Personnel share info on a variety of local, regional, global activities
Writer: Paul Schattenberg, 210-859-5752, email@example.com
Contact: Dr. Tom Gerik, 254-774-6128, firstname.lastname@example.org
TEMPLE — Dr. Patrick Stover, vice chancellor for agriculture and life sciences for the Texas A&M University System and acting director of Texas A&M AgriLife Research, recently paid a visit to the Texas A&M AgriLife Blacklands Research and Extension Center in Temple for an overview research and extension efforts and tour of its facilities.
Stover was given a tour of center facilities for which $20 million has now been allocated by the U.S. Department of Agriculture’s Agricultural Research Service, or USDA-ARS, toward design and construction costs to modernize office and laboratory spaces in the current facility, built in the early 1970s.
He also was provided an overview of AgriLife Research and Texas A&M AgriLife Extension Service activities, USDA-ARS Grassland Soil and Water Research Laboratory and USDA-Natural Resource Conservation Service Modeling Team.
Stover was also introduced to the AgriLife facility’s grazingland programs, cropland and natural resource modeling activities, soil science assessment efforts, precision agriculture, water quality/reuse initiatives, the Fort Hood Flood Warning Program and more.
There was also discussion about of international livestock, land and natural resource assessment programs involving other countries such as Ethiopia, Namibia, Malawi, Peru, Brazil and others, and about various AgriLife Extension programs, including youth outreach and education activities through its Urban 4-H program.
Center director Dr. Tom Gerik noted how the variety and diversity of center activities, as well as the wealth of information from local, regional and global efforts, are directed to improving the productivity and profitability of farmers in the U.S. and around the world.
He said the center is especially interested in the development and application of technologies that can assist farmers in managing their fields’ efficiency to overcome the costly effect of soil and pest variability responsible for increasing costs and reducing yields.
“With precision agriculture we can assess and help address a variety of issues from erosion and sediment and nitrogen loss to soil health and the improvement of the quality and yield of crops, including their nutritional value,” Gerik said.
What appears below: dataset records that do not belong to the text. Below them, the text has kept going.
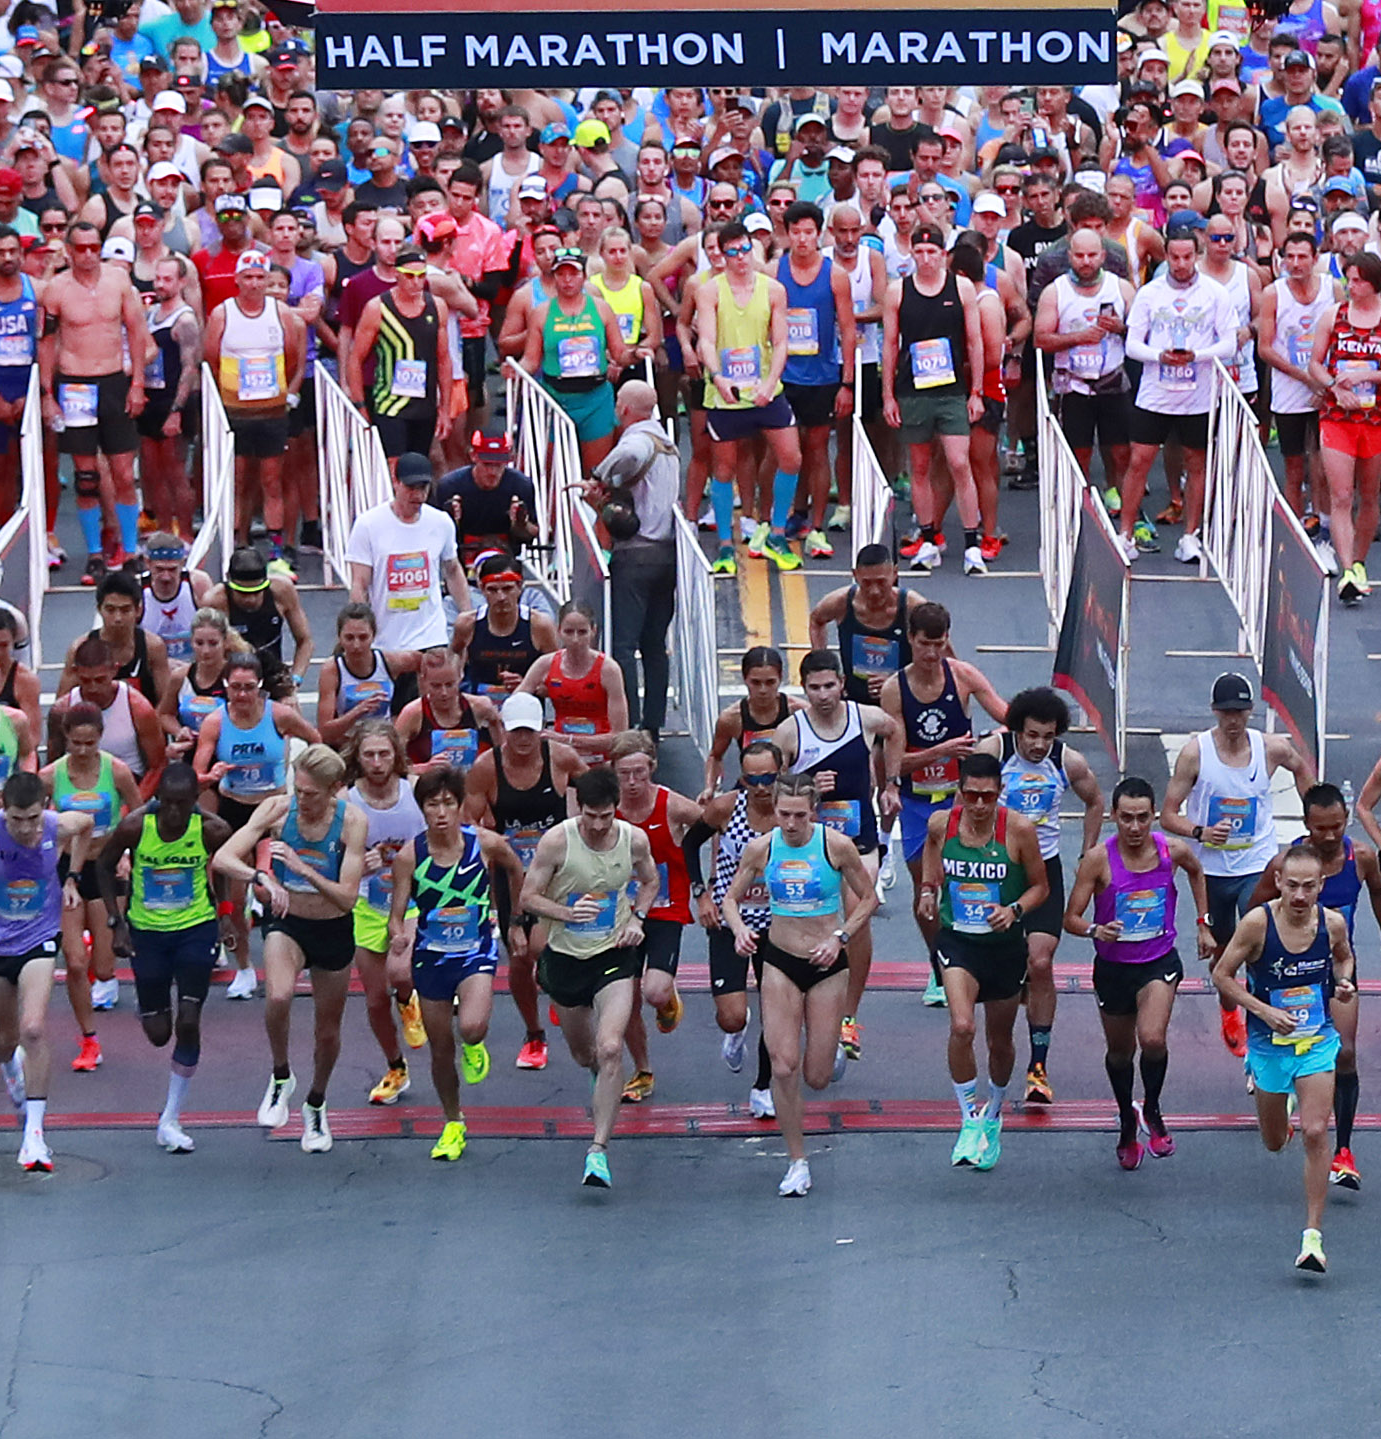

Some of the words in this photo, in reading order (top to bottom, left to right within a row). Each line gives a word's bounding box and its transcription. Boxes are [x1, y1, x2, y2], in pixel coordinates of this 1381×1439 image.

[325, 34, 450, 70] HALF
[466, 32, 746, 69] MARATHON
[821, 29, 1112, 66] MARATHON
[726, 361, 757, 375] 1019
[389, 569, 429, 586] 21061
[922, 766, 945, 778] 112
[941, 858, 1008, 880] MEXICO
[785, 881, 806, 896] 53
[963, 905, 985, 918] 34
[1135, 912, 1147, 925] 7
“Collecting, assessing and dissecting the vast amount of the data we are getting from our combined efforts will help us fine-tune elements and aspects of precision agriculture to help us better address the needs and fill in the gaps that limit or inhibit production for our farmers and ranchers.”
Stover said due to efforts by AgriLife centers like the one in Temple and others throughout the state, Texas A&M has become a leader in precision agriculture and the use of technology to optimize agricultural production.
“This means helping producers find ways to maximize yields and quality while also helping them reduce chemical inputs and the amount of water needed so they can preserve their precious natural resources,” Stover said.
“It can also help in the maximization of the nutritional value of agricultural products, which will help us address a primary focus of nutrition research — diet-related chronic disease,” he said. “Precision agriculture will help us with precision nutrition, which we know to be important in the prevention or mitigation of diet-related chronic diseases.”
Gerik also extoled the use of technology, such as unmanned aerial vehicles, or drones, remote sensing equipment for real-time assessment of weather conditions and water resources, systems to help assess wildfire risk and technology to help assess livestock nutrition.
“Collecting and applying these data in an accurate and meaningful way is one of the challenges the center is committed to addressing, and the new facility expansion and enhancement of our labs and other facilities will be a great help in that effort,” he said.